Your response must be an exact transcription of the lines from the one containing "this 1920×1280 image." through the final line of the data.

Information provided section start

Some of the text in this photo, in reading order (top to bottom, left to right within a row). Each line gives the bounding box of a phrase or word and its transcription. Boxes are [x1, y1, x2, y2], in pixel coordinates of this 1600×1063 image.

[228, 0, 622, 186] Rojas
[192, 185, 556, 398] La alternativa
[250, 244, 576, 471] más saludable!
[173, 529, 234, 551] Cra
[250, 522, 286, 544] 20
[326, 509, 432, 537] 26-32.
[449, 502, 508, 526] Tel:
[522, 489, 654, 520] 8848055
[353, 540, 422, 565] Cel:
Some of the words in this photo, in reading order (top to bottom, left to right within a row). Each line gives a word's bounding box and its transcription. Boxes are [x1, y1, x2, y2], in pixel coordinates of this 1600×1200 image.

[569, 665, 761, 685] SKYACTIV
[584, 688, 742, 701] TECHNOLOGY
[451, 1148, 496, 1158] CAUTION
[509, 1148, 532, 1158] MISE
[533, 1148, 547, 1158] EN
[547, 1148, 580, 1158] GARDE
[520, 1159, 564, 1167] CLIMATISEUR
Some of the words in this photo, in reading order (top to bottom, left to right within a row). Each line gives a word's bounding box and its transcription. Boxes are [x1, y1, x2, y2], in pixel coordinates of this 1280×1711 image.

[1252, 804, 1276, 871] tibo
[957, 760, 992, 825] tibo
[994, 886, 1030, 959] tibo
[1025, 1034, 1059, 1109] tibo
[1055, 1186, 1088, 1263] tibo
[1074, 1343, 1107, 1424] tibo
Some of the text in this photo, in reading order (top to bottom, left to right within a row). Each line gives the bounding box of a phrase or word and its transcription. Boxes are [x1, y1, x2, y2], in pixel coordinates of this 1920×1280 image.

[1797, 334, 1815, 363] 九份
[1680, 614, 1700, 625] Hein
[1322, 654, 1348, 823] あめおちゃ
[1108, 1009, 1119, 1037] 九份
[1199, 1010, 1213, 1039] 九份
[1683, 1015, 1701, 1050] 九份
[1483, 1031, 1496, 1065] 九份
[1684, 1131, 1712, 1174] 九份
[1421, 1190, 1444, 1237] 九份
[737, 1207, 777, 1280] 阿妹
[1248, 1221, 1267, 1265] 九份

Information provided section end

## Written response
Some of the text in this photo, in reading order (top to bottom, left to right within a row). Each line gives the bounding box of a phrase or word and its transcription. Boxes are [x1, y1, x2, y2], in pixel coordinates of this 1920×1280 image.

[1797, 334, 1815, 363] 九份
[1680, 614, 1700, 625] Hein
[1322, 654, 1348, 823] あめおちゃ
[1108, 1009, 1119, 1037] 九份
[1199, 1010, 1213, 1039] 九份
[1683, 1015, 1701, 1050] 九份
[1483, 1031, 1496, 1065] 九份
[1684, 1131, 1712, 1174] 九份
[1421, 1190, 1444, 1237] 九份
[737, 1207, 777, 1280] 阿妹
[1248, 1221, 1267, 1265] 九份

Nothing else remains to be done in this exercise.